**Instructions for the task:** Return all the entries exactly. No pictures.

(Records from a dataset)
▽

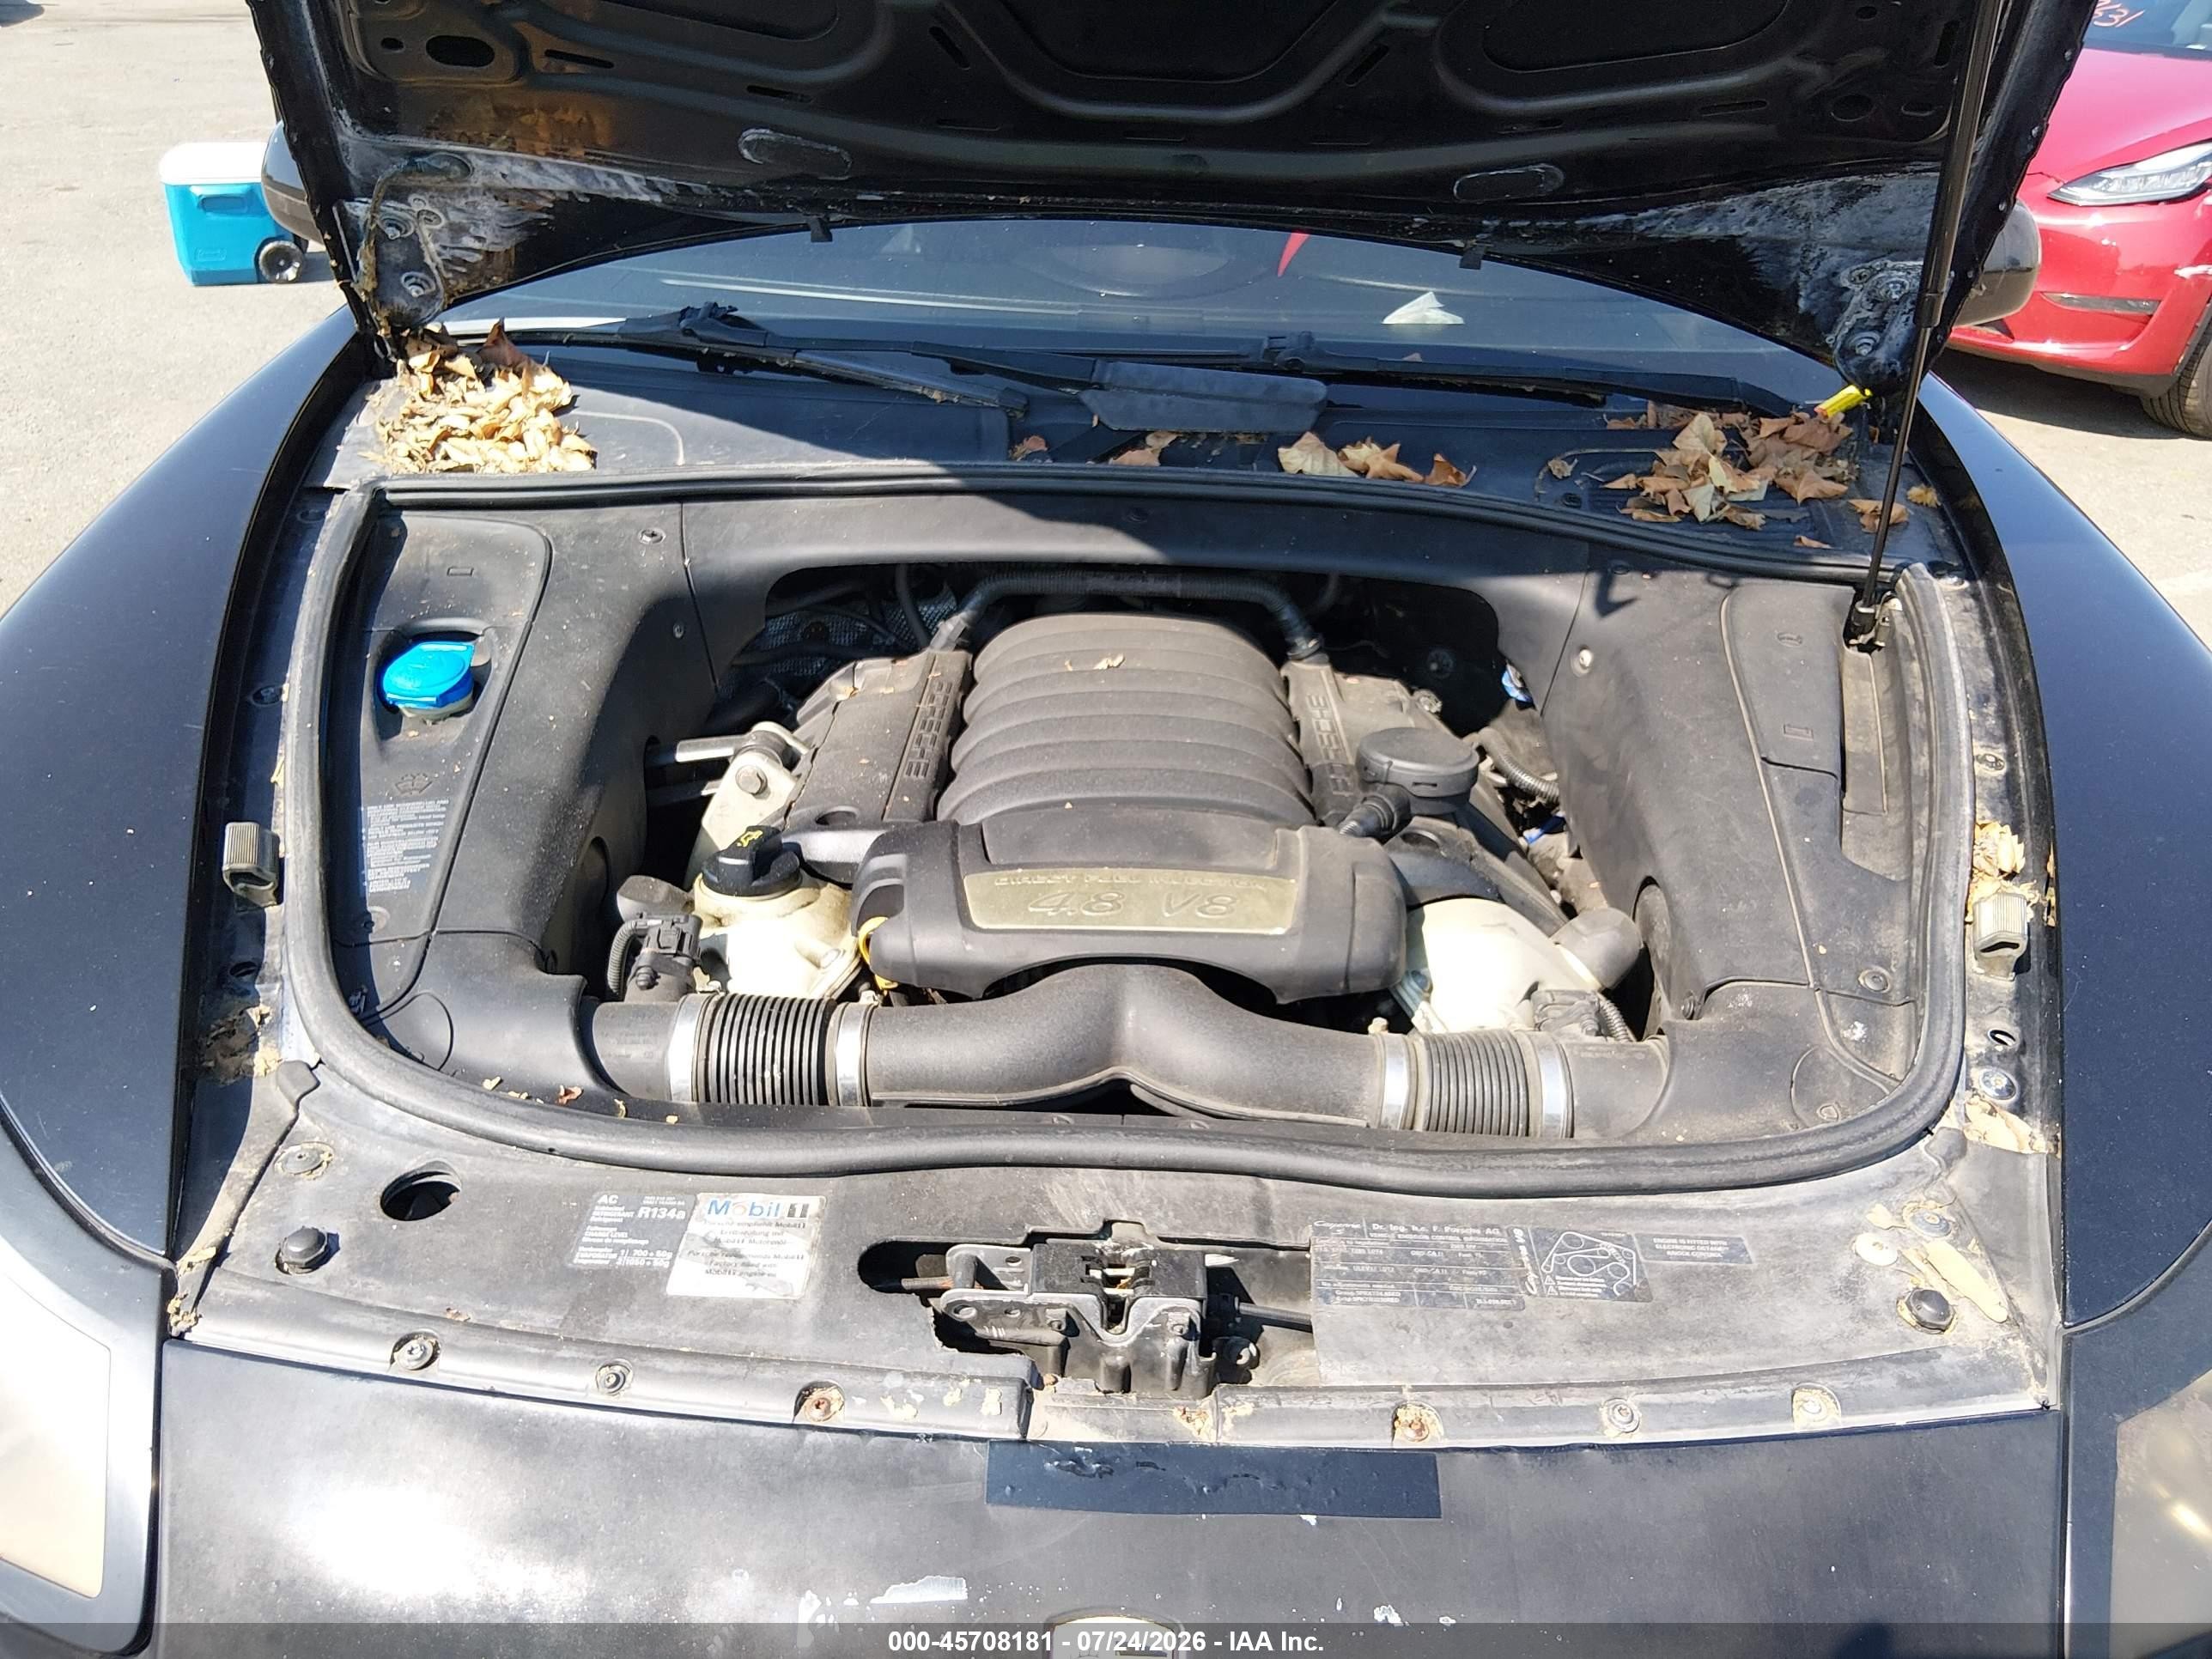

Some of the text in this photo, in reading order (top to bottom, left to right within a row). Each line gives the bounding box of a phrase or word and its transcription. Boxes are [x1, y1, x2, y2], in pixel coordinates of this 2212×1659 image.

[903, 681, 953, 778] PORSCHE
[1028, 890, 1238, 919] 4.8 V8
[597, 1194, 619, 1204] AC
[638, 1206, 686, 1219] R134a
[708, 1200, 781, 1218] Mobil
[1314, 1220, 1361, 1229] Cayenne
[1444, 1226, 1481, 1235] Porsche
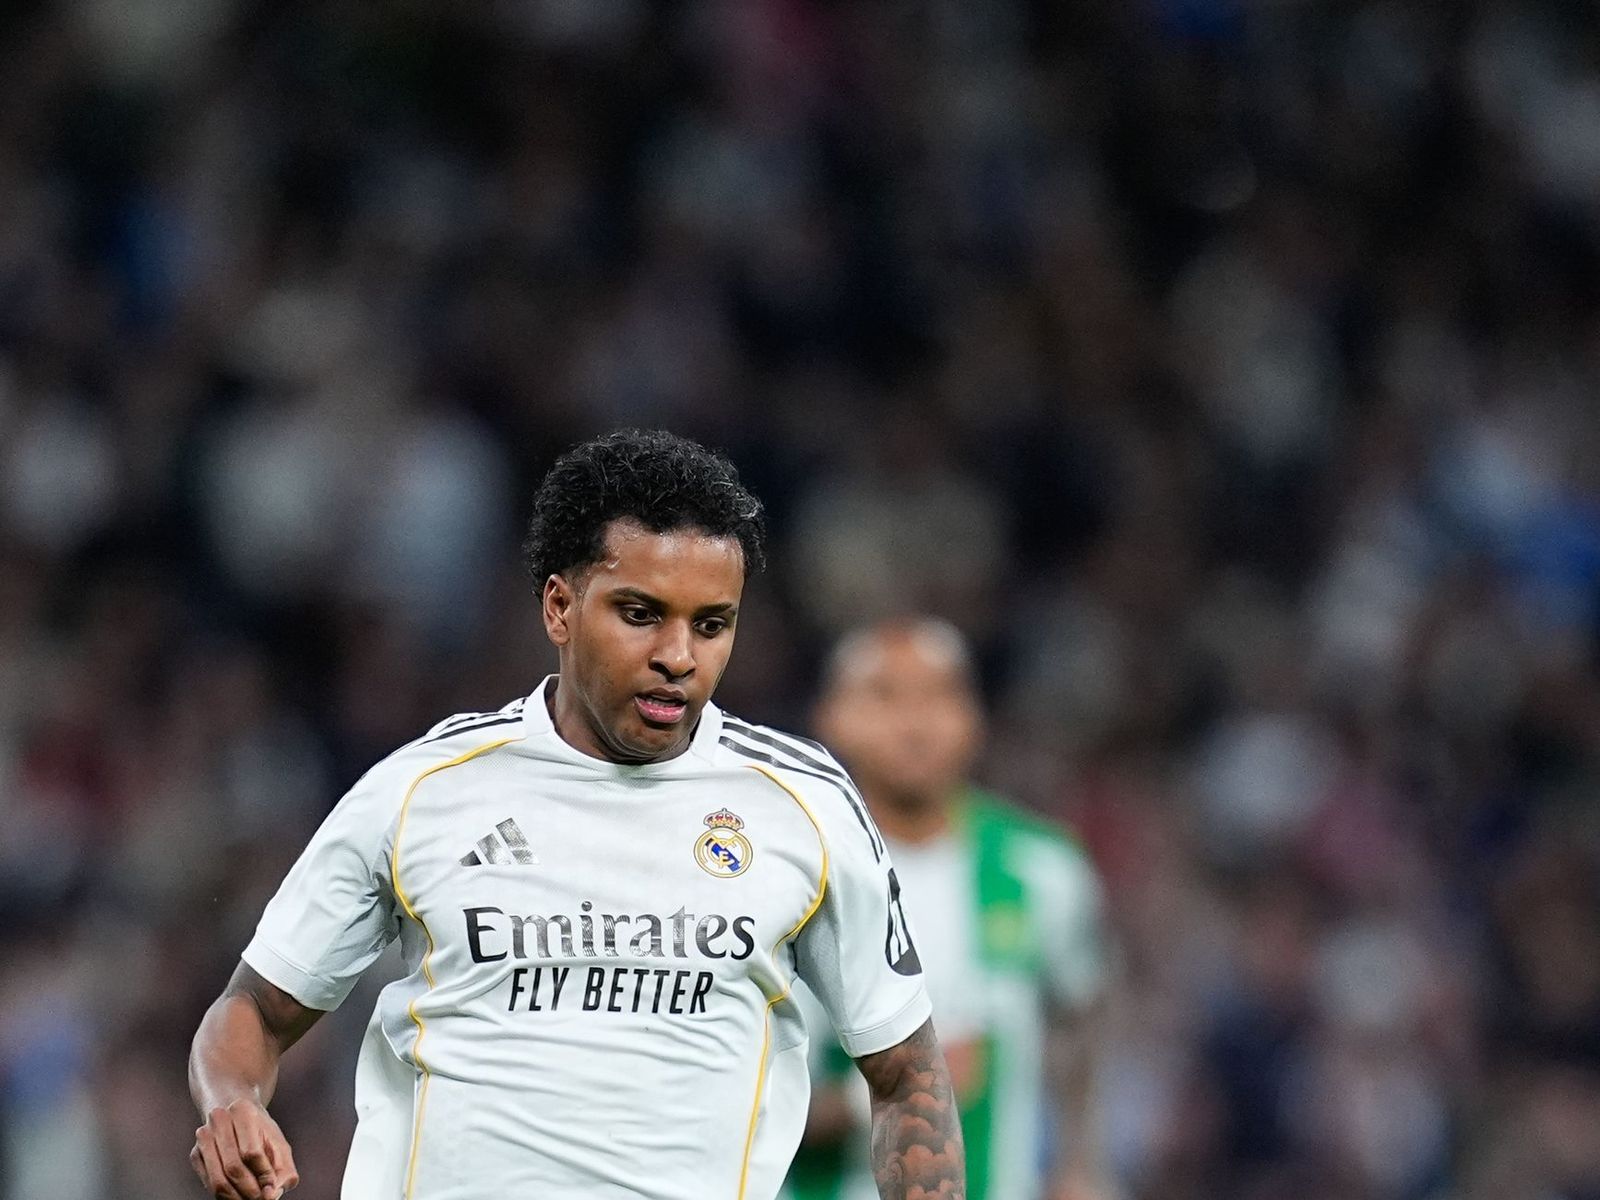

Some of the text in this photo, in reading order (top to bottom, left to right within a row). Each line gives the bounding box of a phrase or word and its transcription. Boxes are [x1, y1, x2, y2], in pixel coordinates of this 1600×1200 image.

[462, 901, 756, 964] Emirates
[508, 967, 714, 1014] FLY BETTER
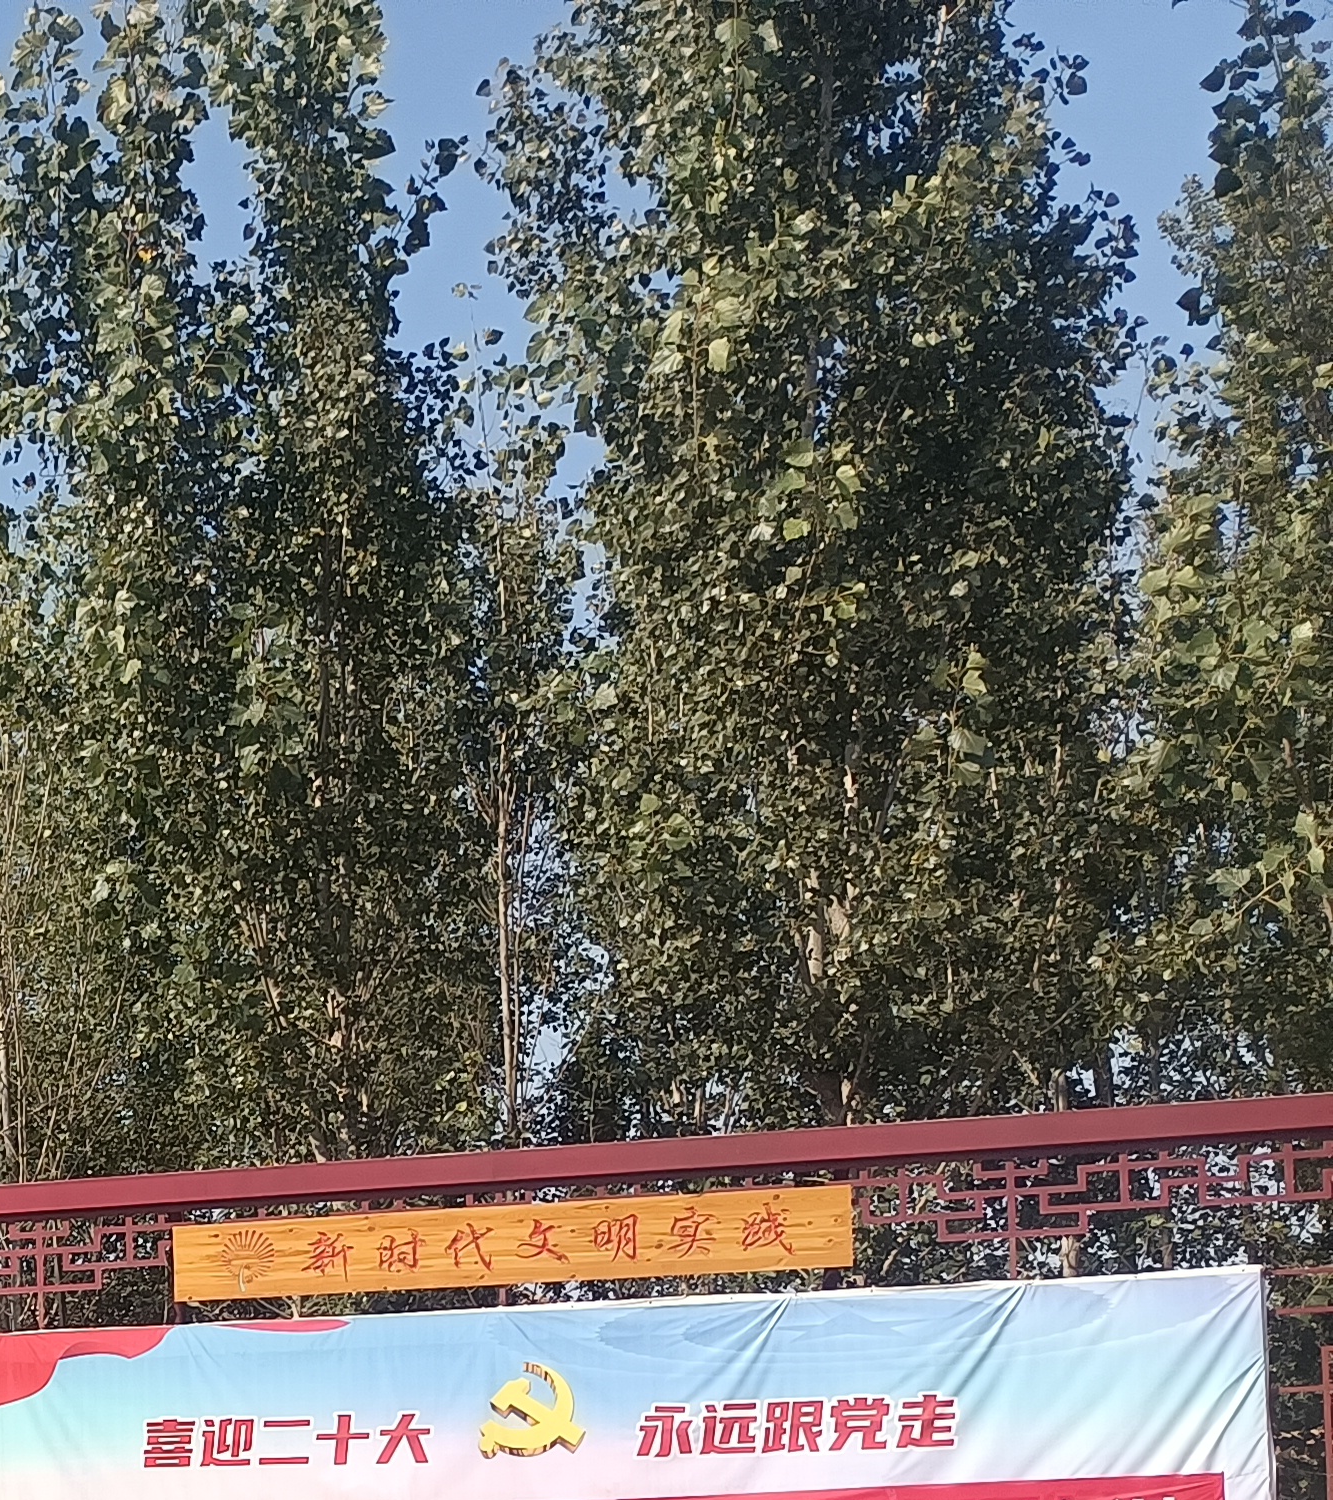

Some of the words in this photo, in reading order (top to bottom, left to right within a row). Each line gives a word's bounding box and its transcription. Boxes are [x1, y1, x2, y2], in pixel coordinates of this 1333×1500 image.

[300, 1203, 796, 1282] 新时代文明实践
[142, 1407, 431, 1469] 喜迎二十大
[637, 1393, 960, 1460] 永远跟党走
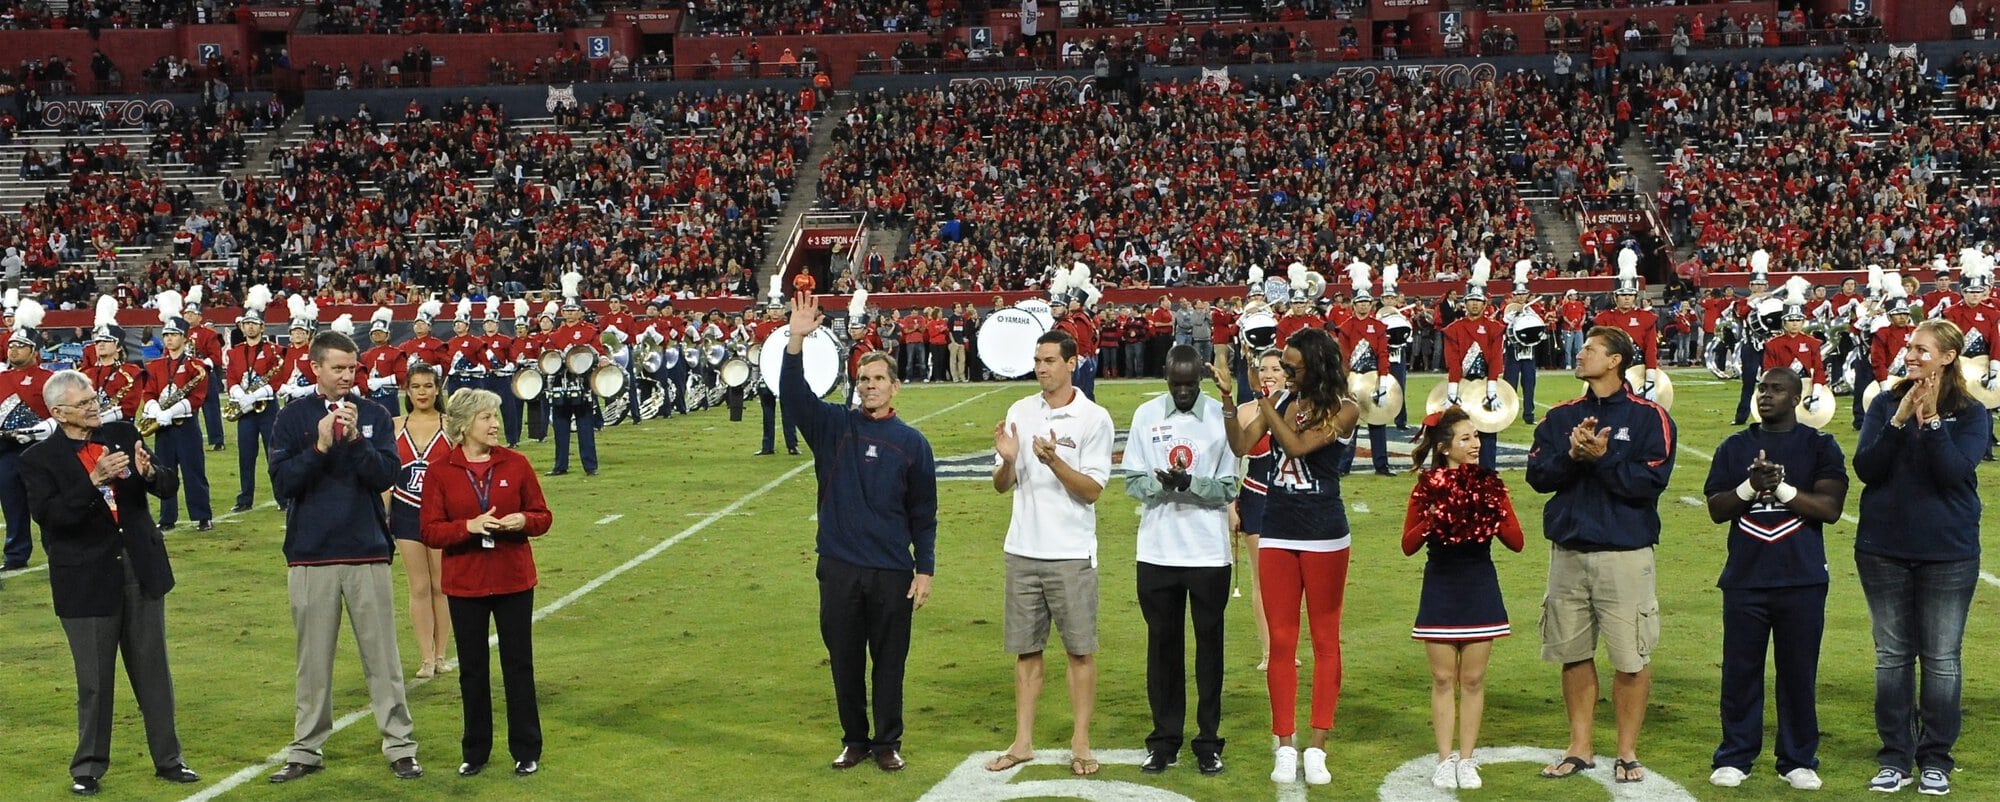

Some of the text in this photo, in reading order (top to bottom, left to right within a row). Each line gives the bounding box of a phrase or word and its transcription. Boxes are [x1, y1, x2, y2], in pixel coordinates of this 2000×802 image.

△

**Exercise result:**
Some of the text in this photo, in reading order (top to bottom, left to right within a row). Each line gives the bounding box of a phrase or word and its transcription. Boxes are [x1, y1, x2, y2], in pixel coordinates of this 2212×1659 image.

[903, 681, 953, 778] PORSCHE
[1028, 890, 1238, 919] 4.8 V8
[597, 1194, 619, 1204] AC
[638, 1206, 686, 1219] R134a
[708, 1200, 781, 1218] Mobil
[1314, 1220, 1361, 1229] Cayenne
[1444, 1226, 1481, 1235] Porsche

Some of the text in this photo, in reading order (top to bottom, left to right within a row). Each line gives the bounding box of a phrase or word and its transcription. Boxes are [x1, y1, x2, y2], in pixel coordinates of this 1600×1200 image.

[462, 901, 756, 964] Emirates
[508, 967, 714, 1014] FLY BETTER

Some of the words in this photo, in reading order (top to bottom, left to right within a row). Each line gives a word's bounding box and its transcription. Boxes are [x1, y1, x2, y2], in pixel coordinates of this 1333×1500 image.

[300, 1203, 796, 1282] 新时代文明实践
[142, 1407, 431, 1469] 喜迎二十大
[637, 1393, 960, 1460] 永远跟党走

Some of the text in this photo, in reading order (top to bottom, left to right within a row). Each line gives the bounding box of a phrase or word and its transcription. Boxes are [x1, y1, x2, y2], in pixel coordinates of this 2000×802 image.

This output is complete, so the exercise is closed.